II.   Евангелия в контексте времени.

1

    Вначале попытаемся уяснить, что собою с точки зрения жанра представляют Евангелия. На первый взгляд вопрос кажется странным, ибо даже те, которые ни разу не читали, слышали, что Евангелия – это Благая Весть. Но помимо Благой Вести, которую принёс Иисус Христос о радости новой жизни, в Евангелиях описываются эпизоды из земной жизни Самого Иисуса Христа. Кроме того, христианские богословы утверждают, что Евангелия органически вписаны в «живую картину Эпохи» и служат историческим свидетельством о Христе, т.е. являются как бы летописью жизни Иисуса Христа. Однако не только живой картины эпохи нельзя найти в Евангелиях, но даже самого беглого о ней упоминания в них не содержится. Впрочем, в двух Евангелиях, от Марка и от Луки, есть буквально по одной фразе, которые могут быть отнесены к описанию исторической обстановки, в которой жил Иисус Христос. В Евангелии от Марка в связи с приговором преступнику Варраве упомянуто, что он совершил убийство во время мятежа. В Евангелии от Луки говорится: «В это время пришли некоторые и рассказали Ему о галилеянах, которых кровь Пилат смешал с жертвами их» (Лука XIII.1). Это, конечно, может навести на мысль о том, что не совсем спокойно было в Иудее во времена Иисуса Христа. Но, чтобы по этим двум фразам представить себе действительную обстановку, царившую в то время, согласитесь, что для этого нужно обладать очень богатым воображением.

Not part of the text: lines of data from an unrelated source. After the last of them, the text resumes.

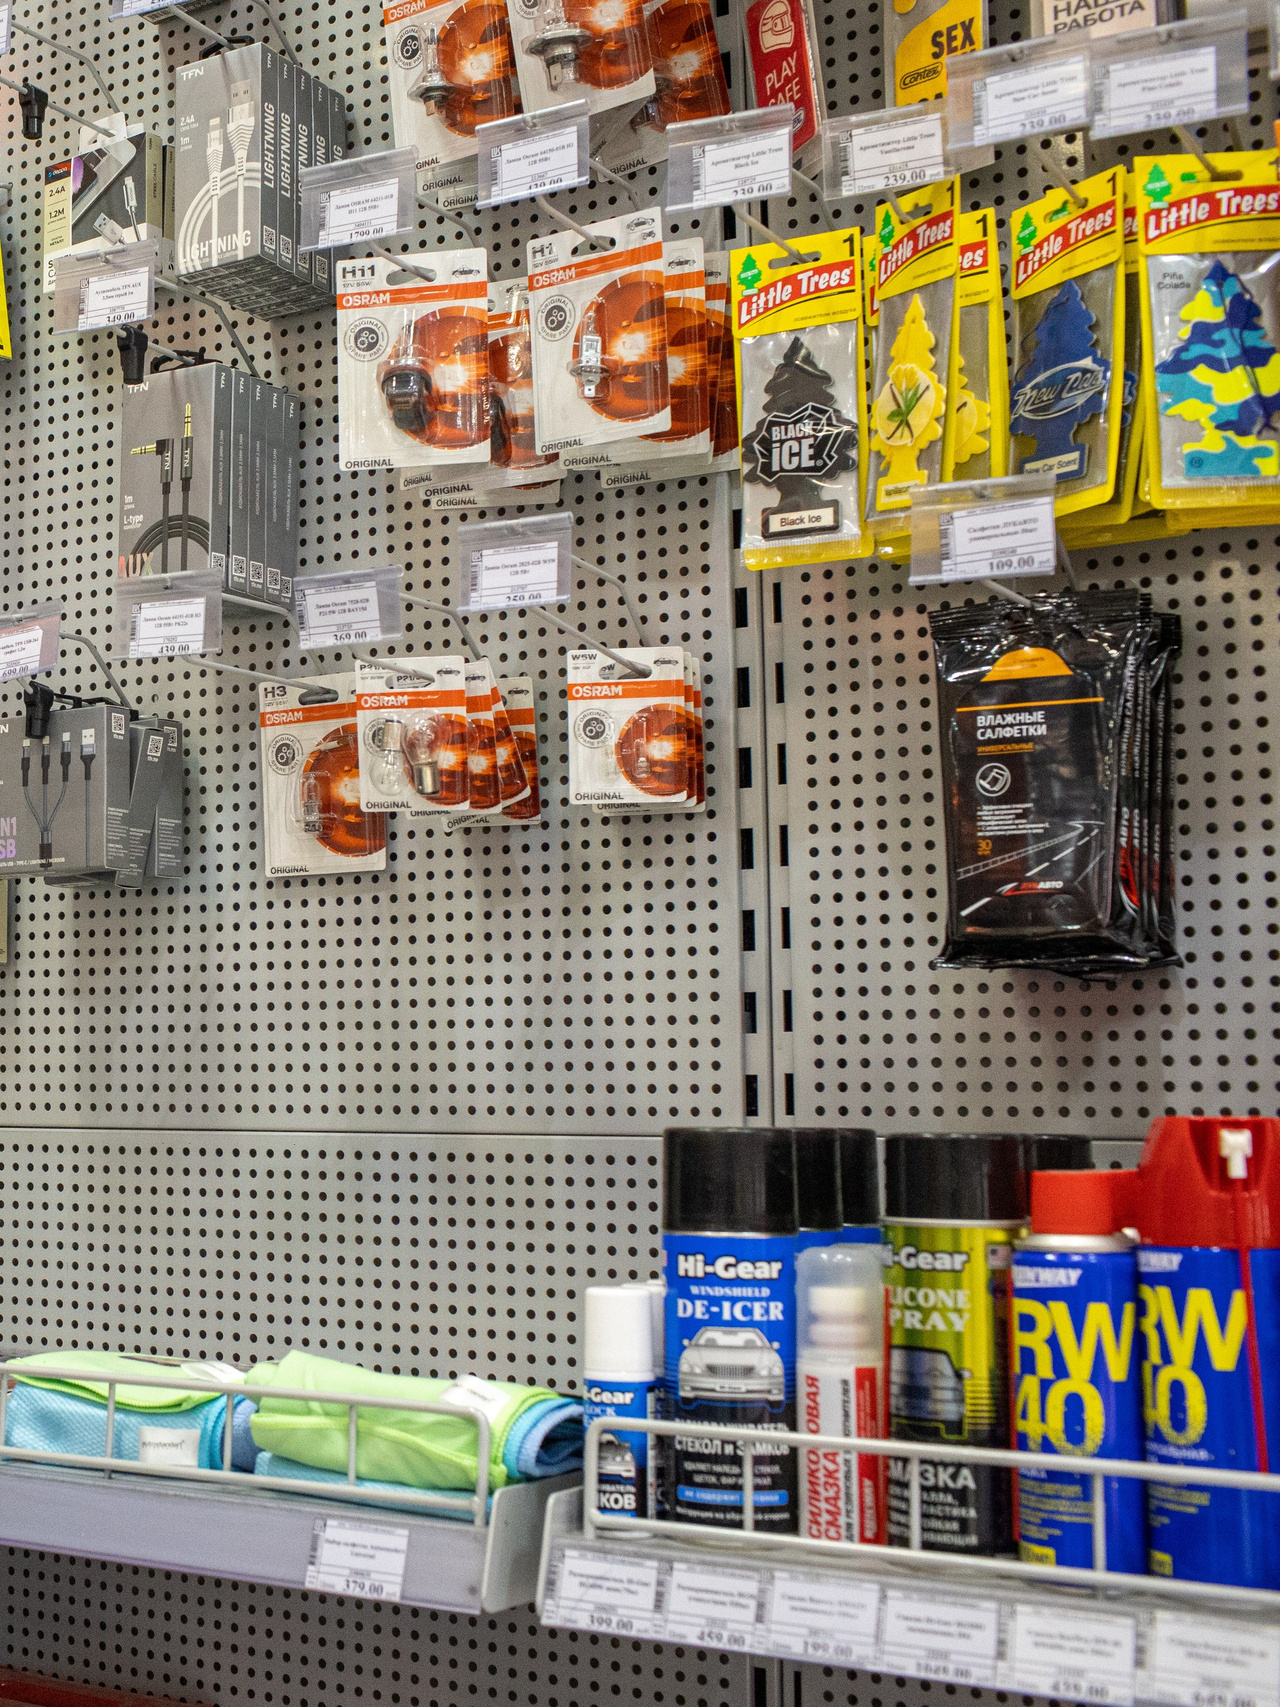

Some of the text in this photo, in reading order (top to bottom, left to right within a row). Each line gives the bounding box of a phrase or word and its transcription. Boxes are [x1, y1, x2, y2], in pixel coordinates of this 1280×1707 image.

[1053, 3, 1145, 34] РАБОТА
[931, 29, 976, 60] SEX
[180, 66, 204, 81] TFN
[765, 51, 798, 92] PLAY
[900, 62, 943, 89] Contex
[262, 102, 276, 189] LIGHTNING
[279, 112, 291, 199] LIGHTNING
[422, 174, 464, 192] ORIGINAL
[883, 169, 926, 187] 239.00
[1148, 187, 1279, 241] Little Trees
[531, 242, 555, 259] H1
[843, 232, 856, 258] 1
[880, 219, 953, 284] Little Trees
[1018, 206, 1114, 282] Little Trees
[532, 266, 577, 288] OSRAM
[342, 291, 391, 308] OSRAM
[738, 264, 854, 326] Little Trees
[771, 422, 813, 442] BLACK
[540, 437, 585, 454] ORIGINAL
[345, 458, 394, 470] ORIGINAL
[563, 453, 613, 468] ORIGINAL
[606, 471, 652, 487] ORIGINAL
[424, 483, 474, 498] ORIGINAL
[123, 512, 145, 525] L-type
[779, 512, 823, 528] Black Ice
[988, 555, 1036, 573] 109.00
[263, 684, 288, 700] H3
[571, 683, 623, 700] OSRAM
[360, 694, 409, 709] OSRAM
[265, 710, 304, 726] OSRAM
[976, 710, 1046, 728] ВЛАЖНЫЕ
[976, 723, 1048, 741] САЛФЕТКИ
[574, 790, 625, 802] ORIGINAL
[365, 800, 412, 811] ORIGINAL
[270, 864, 310, 875] ORIGINAL
[677, 1252, 783, 1281] Hi-Gear
[677, 1299, 785, 1322] DE-ICER
[1015, 1299, 1136, 1383] RW
[1015, 1376, 1106, 1459] 40
[822, 1450, 841, 1542] СМАЗКА
[342, 1578, 384, 1599] 379.00

    Проповедническая деятельность самого Иисуса Христа не произвела особого впечатления на современников и не была должным образом зафиксирована в исторических документах. Самое интересное и загадочное начало происходить после Его смерти, что, собственно, и послужило впоследствии причиной написания Евангелий. Это даёт основания отнести Евангелия к культовым произведениям.

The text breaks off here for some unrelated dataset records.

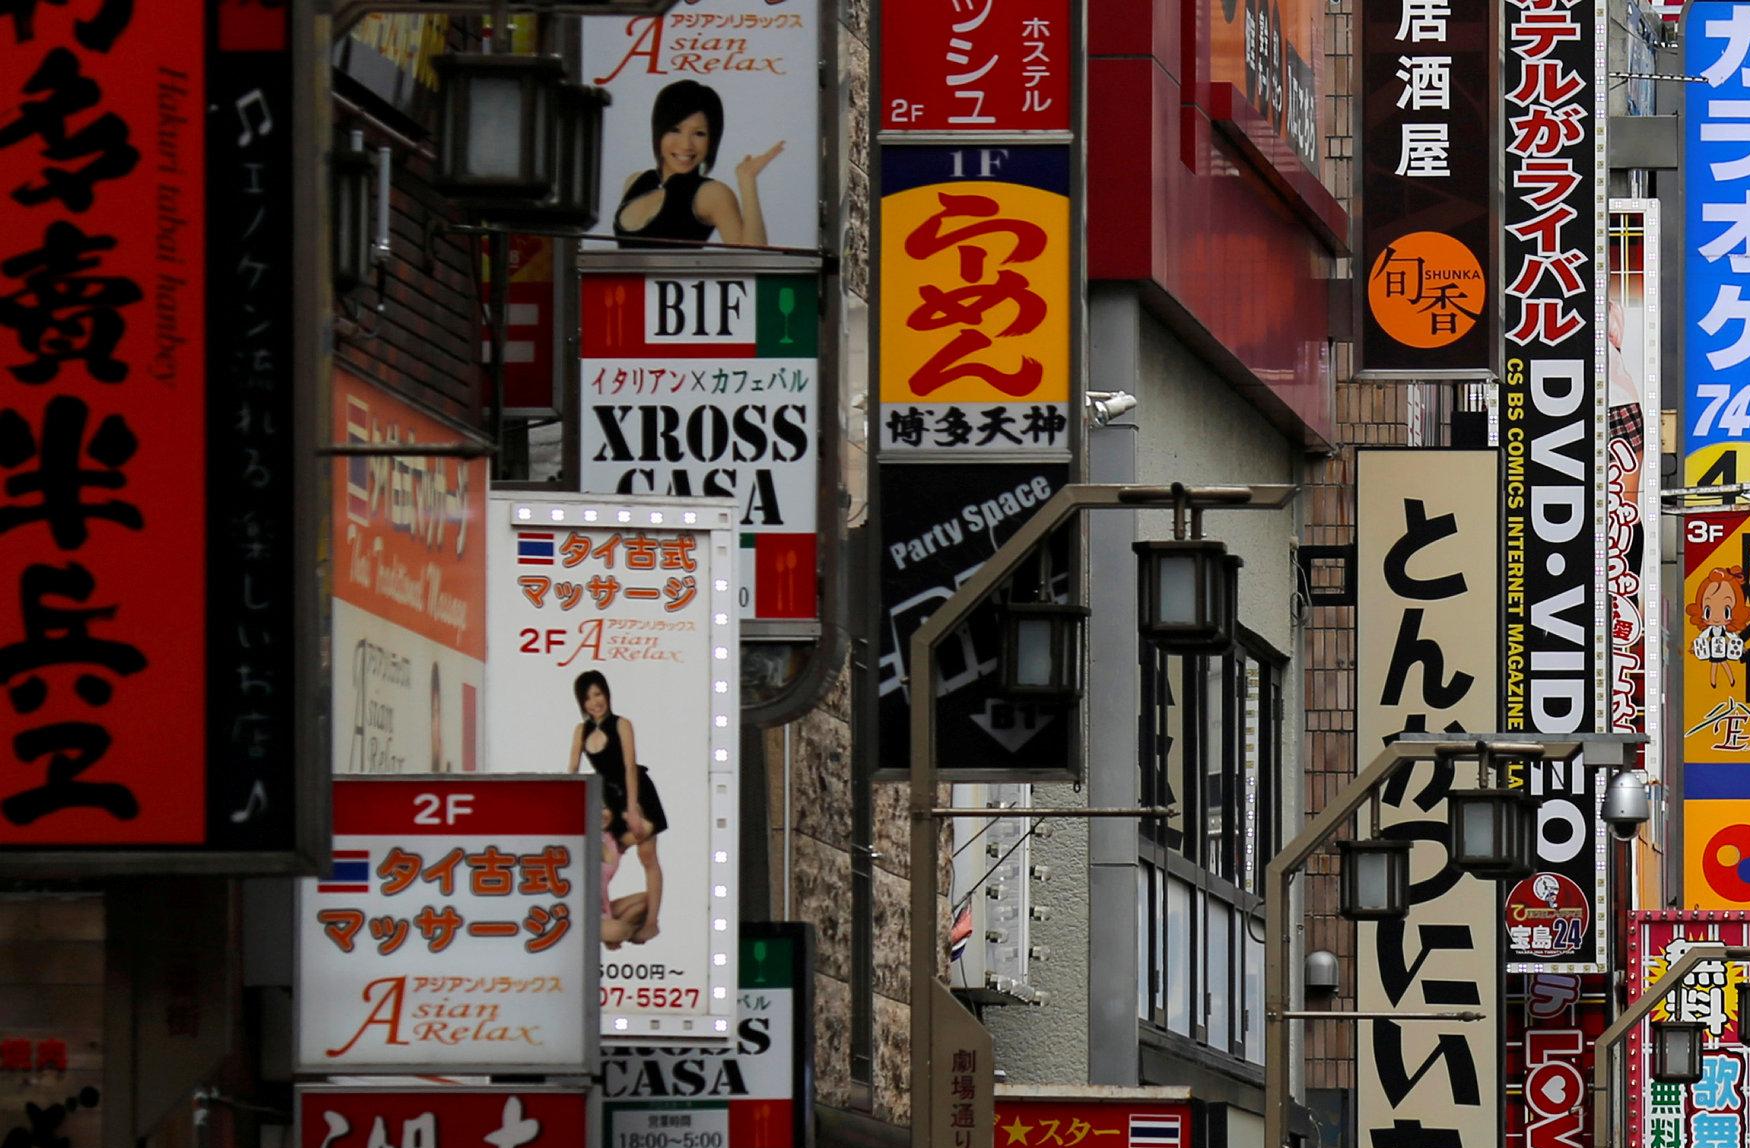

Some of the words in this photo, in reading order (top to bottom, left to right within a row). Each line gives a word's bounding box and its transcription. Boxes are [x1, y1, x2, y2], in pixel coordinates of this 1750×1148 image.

[1022, 17, 1052, 113] ホステル
[890, 98, 925, 124] 2F
[949, 149, 1010, 178] 1F
[904, 192, 1048, 398] らーめん
[1425, 269, 1482, 281] SHUNKA
[654, 280, 748, 338] B1F
[1505, 358, 1524, 385] CS
[886, 404, 1068, 448] 博多天神
[1505, 392, 1524, 422] BS
[593, 404, 809, 463] XROSS
[1505, 430, 1525, 508] COMICS
[889, 516, 964, 570] Party
[960, 475, 1052, 551] Space
[1686, 521, 1724, 544] 3F
[558, 531, 698, 571] タイ古式
[1506, 515, 1524, 617] INTERNET
[516, 575, 698, 612] マッサージ
[518, 628, 567, 655] 2F
[1506, 623, 1524, 731] MAGAZINE
[413, 794, 476, 826] 2F
[376, 846, 573, 897] タイ古式
[317, 904, 573, 955] マッサージ
[1034, 1117, 1122, 1148] スター

    Говоря о жанре Евангелия, наверное, следовало бы упомянуть об одном довольно странном произведении. Имеется в виду 53 глава книги пророка Исайи в Ветхом Завете, авторство которой приписывают некоему Исайи II. Так вот в этой главе Второисайи передан не только весь дух Евангелий, но и в значительной степени их сюжет. Но написано это было за несколько столетий до земной жизни Иисуса Христа и поэтому носит явный характер пророчества и считается гимном о Богоявлении.

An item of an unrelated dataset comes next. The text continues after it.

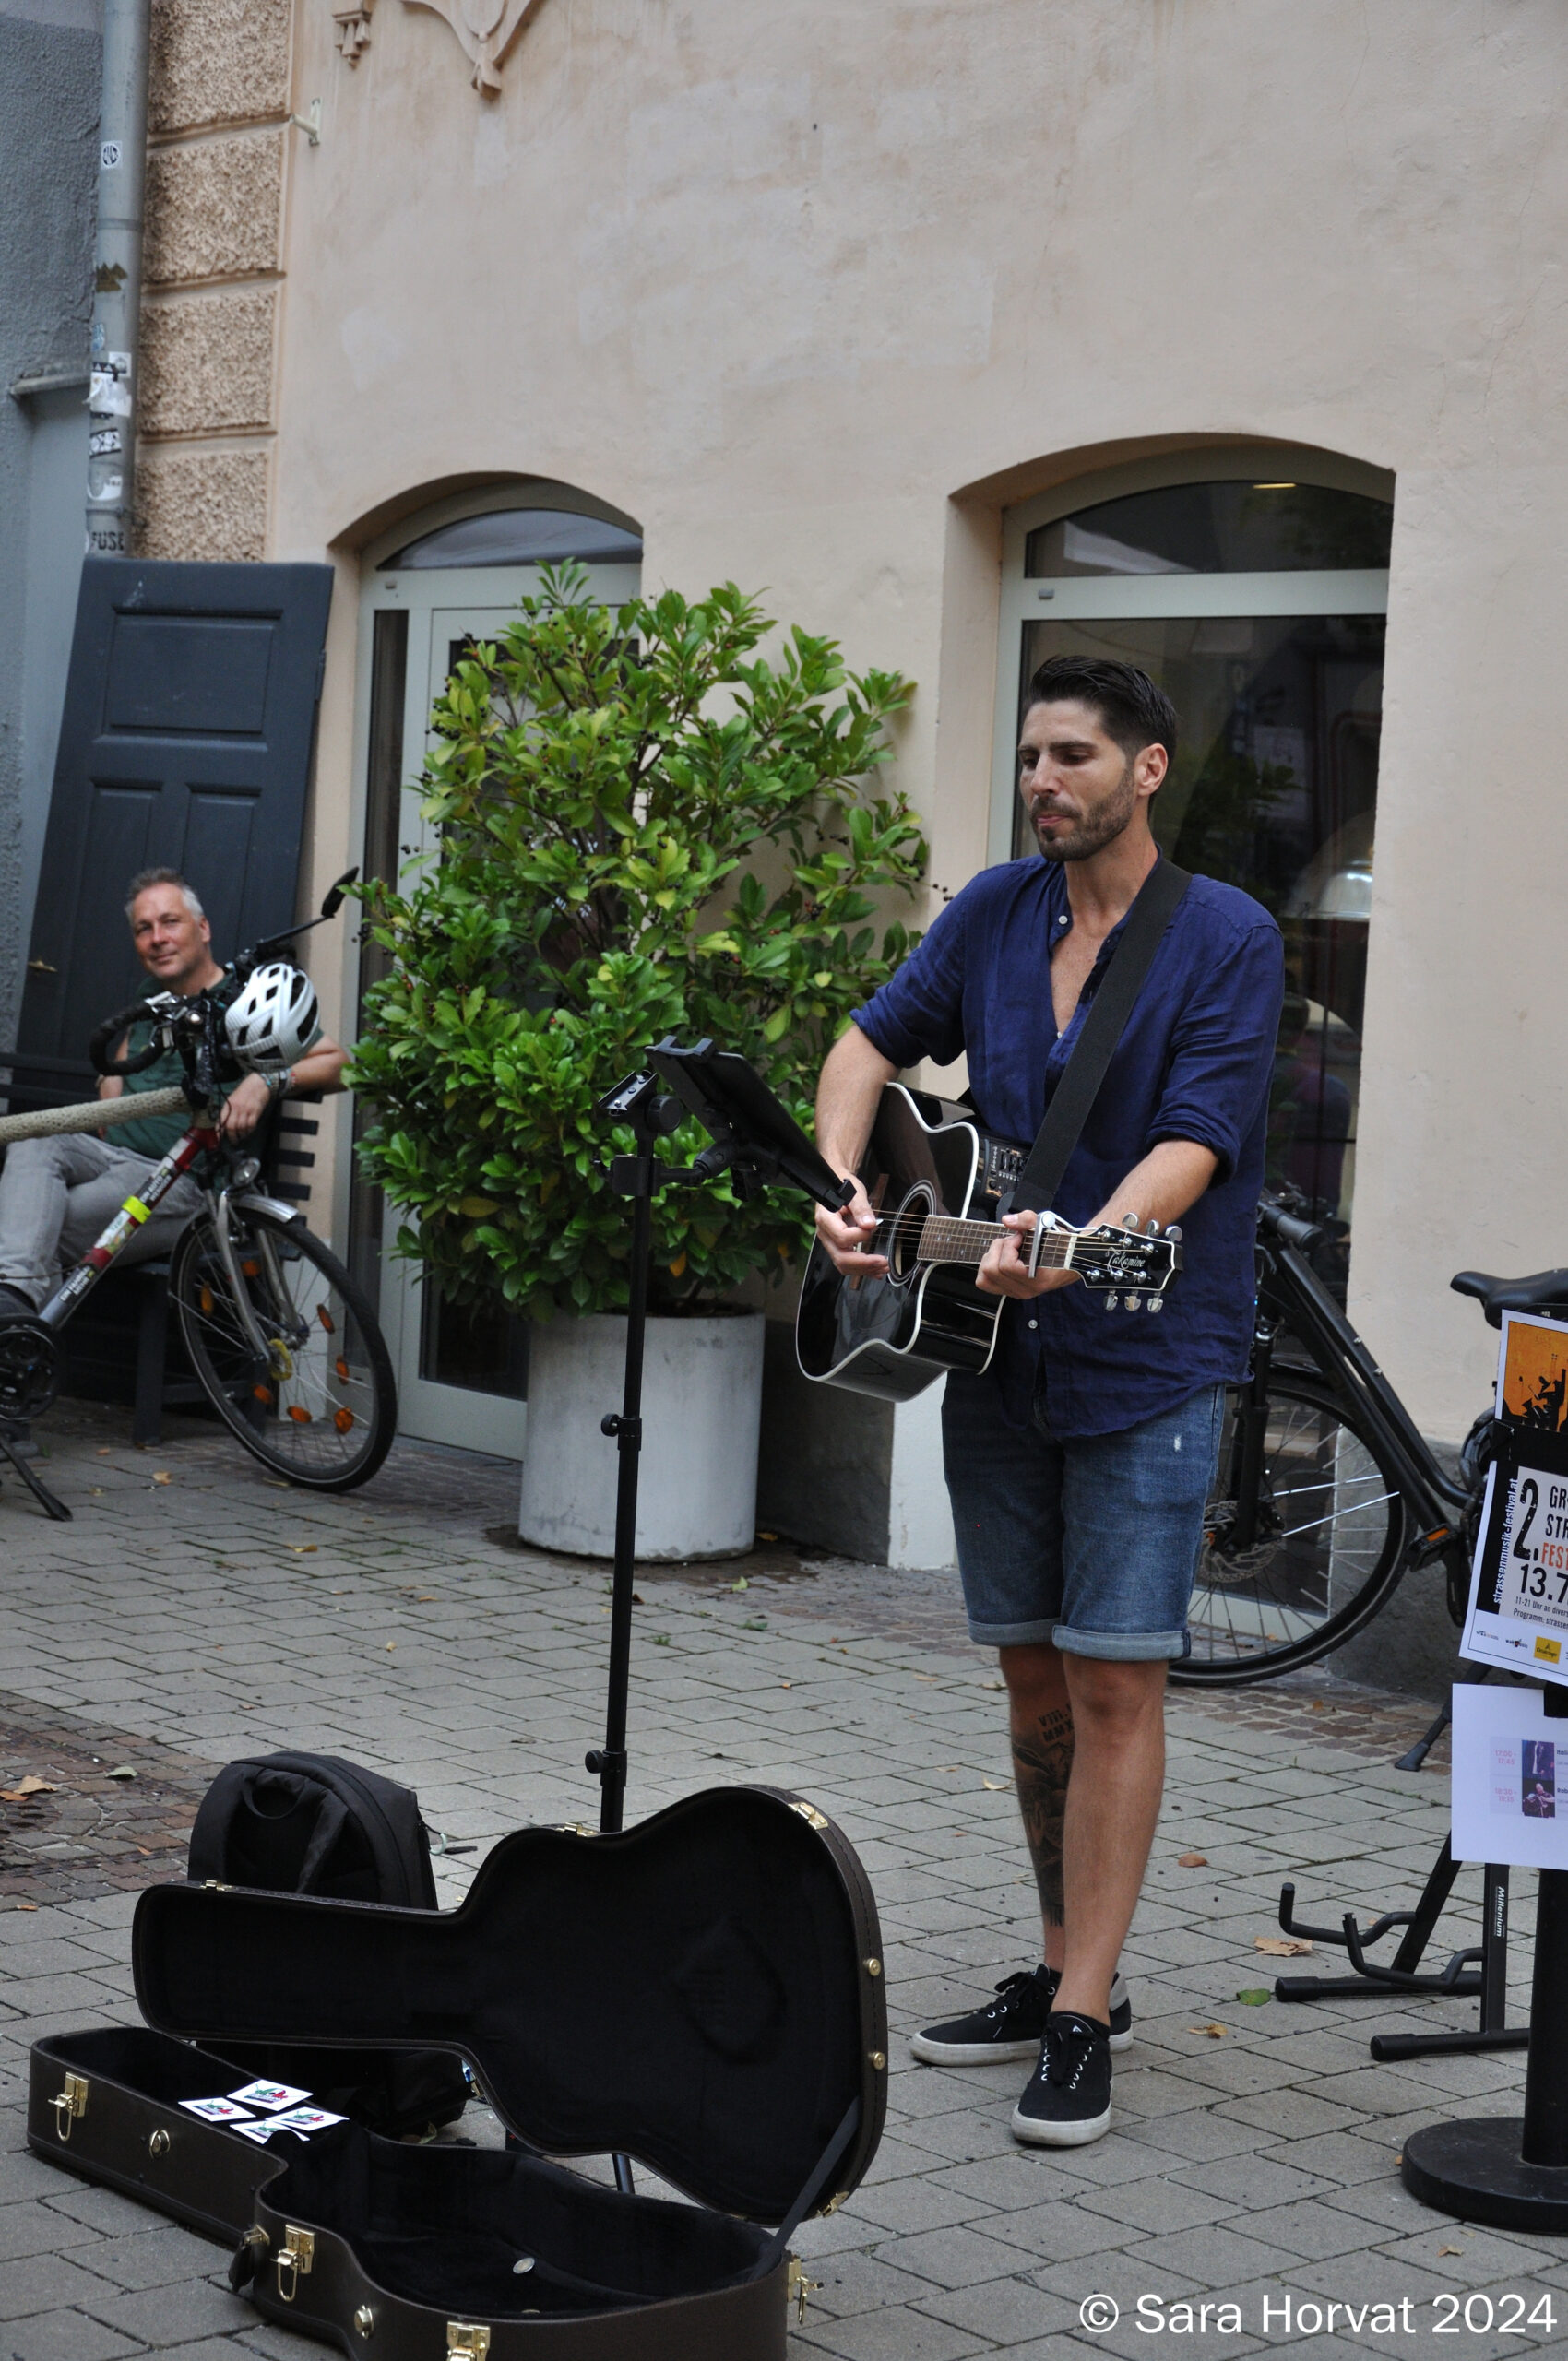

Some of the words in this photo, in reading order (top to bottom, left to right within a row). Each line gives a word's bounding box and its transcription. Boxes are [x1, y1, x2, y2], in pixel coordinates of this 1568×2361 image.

    Таким образом, поставленный вопрос о жанре Евангелий не кажется таким уж простым и тем более праздным. Поэтому не станем задаваться ещё более сложным вопросом о причине умолчания евангелистами исторической обстановки, а попытаемся её просто восстановить в надежде на то, что смысл поступков и проповедей Иисуса Христа станет понятнее. Например, Лев Толстой полагал, что ключом к пониманию учения Иисуса Христа, изложенного в Евангелиях, являются Его слова о непротивлении злу. Возможно, более правильным окажется поиск «ключа» за пределами речей Иисуса Христа (ведь привычней, когда ключ не является внутренней частью самого замка). За пределами же Евангелий вообще и речей Иисуса в частности как раз и осталась та историческая обстановка, в которой Он жил и проповедовал. Помимо тех мистических целей, которые Ему позднее были приписаны Церковью, чего-то же Он как человек хотел достичь своими проповедями. Абсолютизация Его высказываний, отрыв Его слов от конкретной исторической обстановки, придание им универсального характера превратили их в малопонятные всемирные поучения, ставшие объектом споров, не прекращающихся на протяжении двух тысяч лет.

2

    Однако описание только исторической обстановки, существовавшей во времена земного пребывания Иисуса Христа, вряд ли будет достаточным. Необходимо упомянуть хотя бы о некоторых наиболее важных событиях, которые привели к той взрывоопасной ситуации в Иудее в первые десятилетия I века, на фоне которых проходила проповедническая деятельность Иисуса Христа. При этом возникает вопрос: какими историческими рамками ограничиться при выборе этих «знаковых» событий? Ведь всё взаимосвязано, и поэтому погружаться в историю можно беспредельно. В конце концов решили ограничиться периодом, носящим в истории название периода второго храма, - от восстановления иерусалимского храма после возвращения иудеев из вавилонского пленения до его разрушения римлянами во второй половине I века.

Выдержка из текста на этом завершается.